Wine purchases by Italians lowest level since 1861

A recent Coldiretti research revealed that Italian wine consumption fell to its lowest since 1861. Italians drink much less than before. In 2013, Italians drank 22 million hectolitres of wine, less than the Americans and the French. The paradox is that, according to the study of Mediobanca, the industry continues to grow abroad.

So if Italian wine abroad grows, increases turnover and employment, on the other hand domestic front consumption is collapsing. The wine purchases of Italian families fell by 7 per cent in 2013 to the lowest record since the Unification of Italy in 1861.
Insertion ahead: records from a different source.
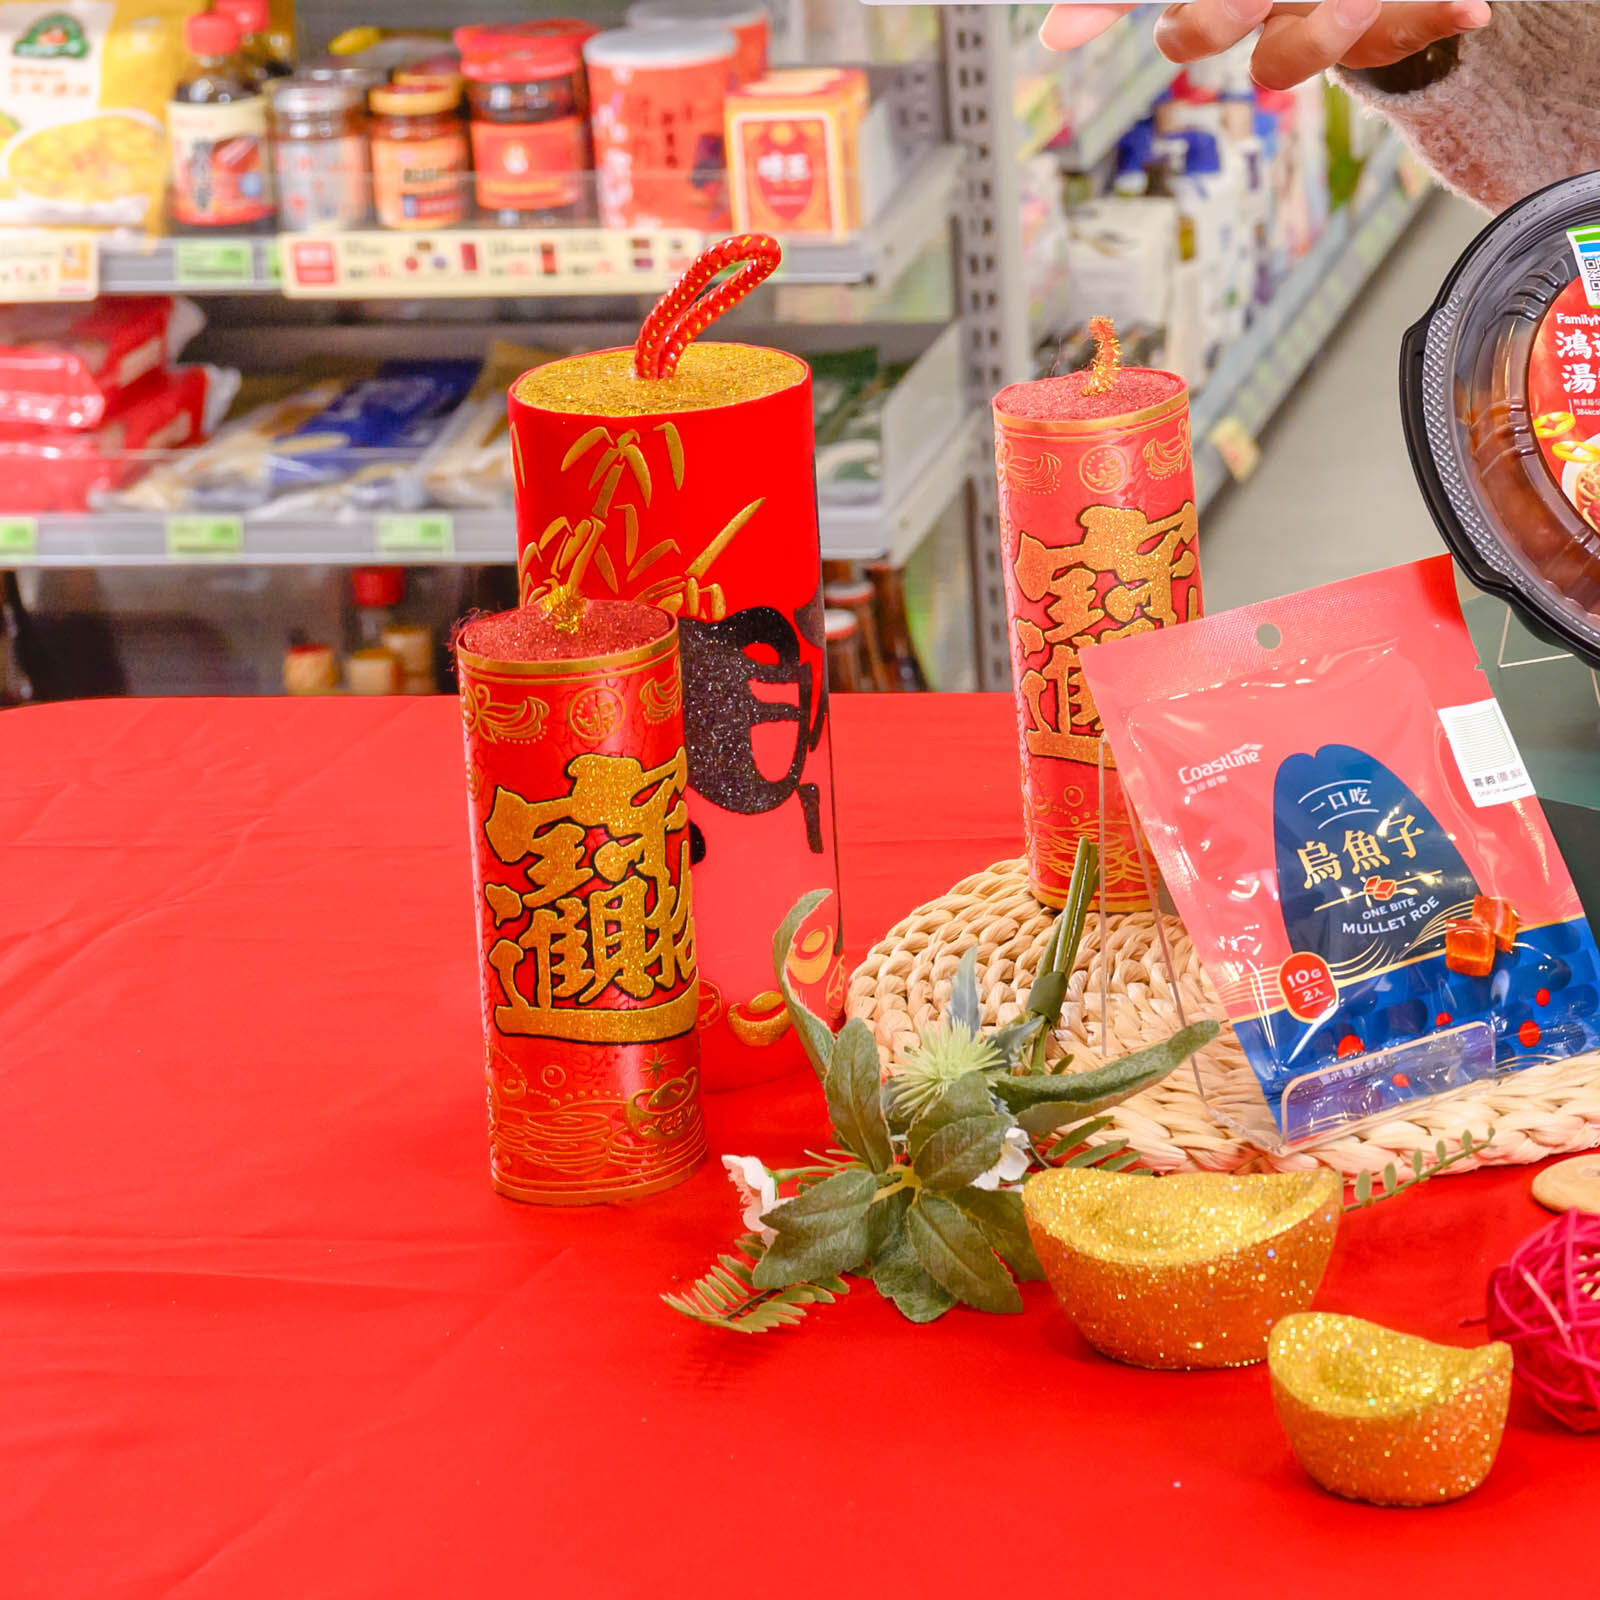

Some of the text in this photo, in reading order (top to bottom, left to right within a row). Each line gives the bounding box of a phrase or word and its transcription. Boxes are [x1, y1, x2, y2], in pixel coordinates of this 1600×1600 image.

[1178, 745, 1262, 786] Coastline
[1310, 786, 1372, 813] 一口吃
[1297, 814, 1425, 890] 烏魚子
[1342, 896, 1441, 936] MULLET ROE
[1362, 897, 1416, 921] ONE BITE
[1286, 968, 1323, 989] 10G
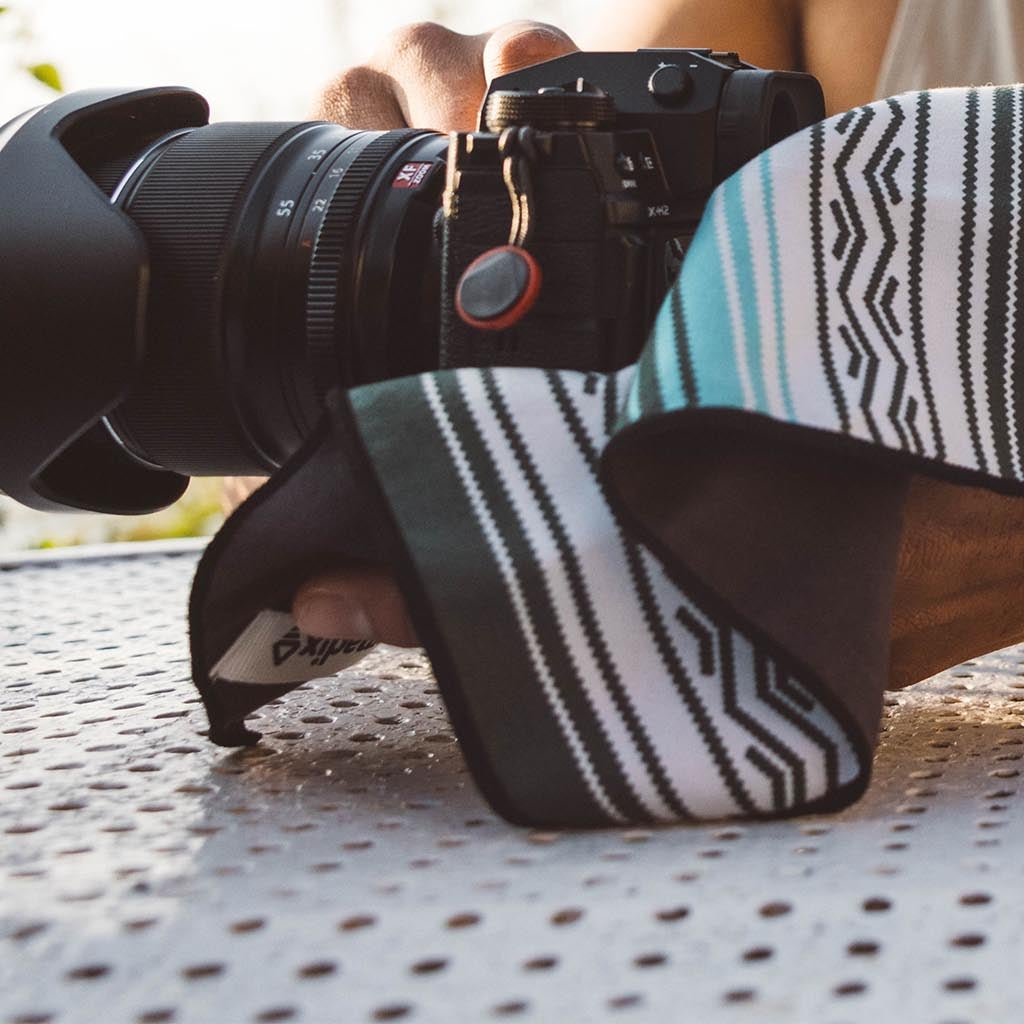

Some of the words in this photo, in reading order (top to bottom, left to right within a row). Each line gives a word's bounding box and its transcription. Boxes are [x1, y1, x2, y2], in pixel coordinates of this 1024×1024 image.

[276, 199, 295, 217] 55
[307, 149, 327, 161] 35
[312, 198, 327, 213] 22
[328, 167, 344, 178] 16
[396, 164, 418, 183] XF
[412, 163, 433, 185] ZOOM
Moreover, in terms of red wine, Italy and France have even been overtaken by China, which has become the world's largest consumer in 2013, despite not having production level and a consolidated tradition such as that of the Old Continent. Yet China has registered a record increase of 136 percent compared to 2008, while during the same period there has been a decline of 18 per cent in France and 5.8 percent in Italy.

For Coldiretti the crisis is to blame. For economical reasons Italians gave up a glass out of four: the average consumption has dropped to 37 litres per year. Only 21 percent drink wine every day, and almost half do not drink ever. In terms of production in 2013 for the first time Spain overtook Italy and became the world's largest producer of wine and musts, respectively leaving Italy and France the second and third place on the podium.

Despite the fact that the wine industry has faced a serious crisis of domestic consumption, it has been able to create income and employment in Italy because it focused on quality, distinctiveness and the link with the territory, creating the conditions for an enhancement on the foreign market, where it has become a symbol of Made in Italy.

This is the sense also of part of the operation of the Lunelli Group, owner of Ferrari spumante, which took over 50% of Bisol, historic winery in Valdobbiadene. The vineyards remain with the Bisol family and the company will continue in the tradition.

This transaction will communicate to the market the diversity of Italian “bollicine”. Ferrari has the longest tradition in the classical method and Bisol is a historic excellence of the territory. Together they can make the world understand the richness of this diversity.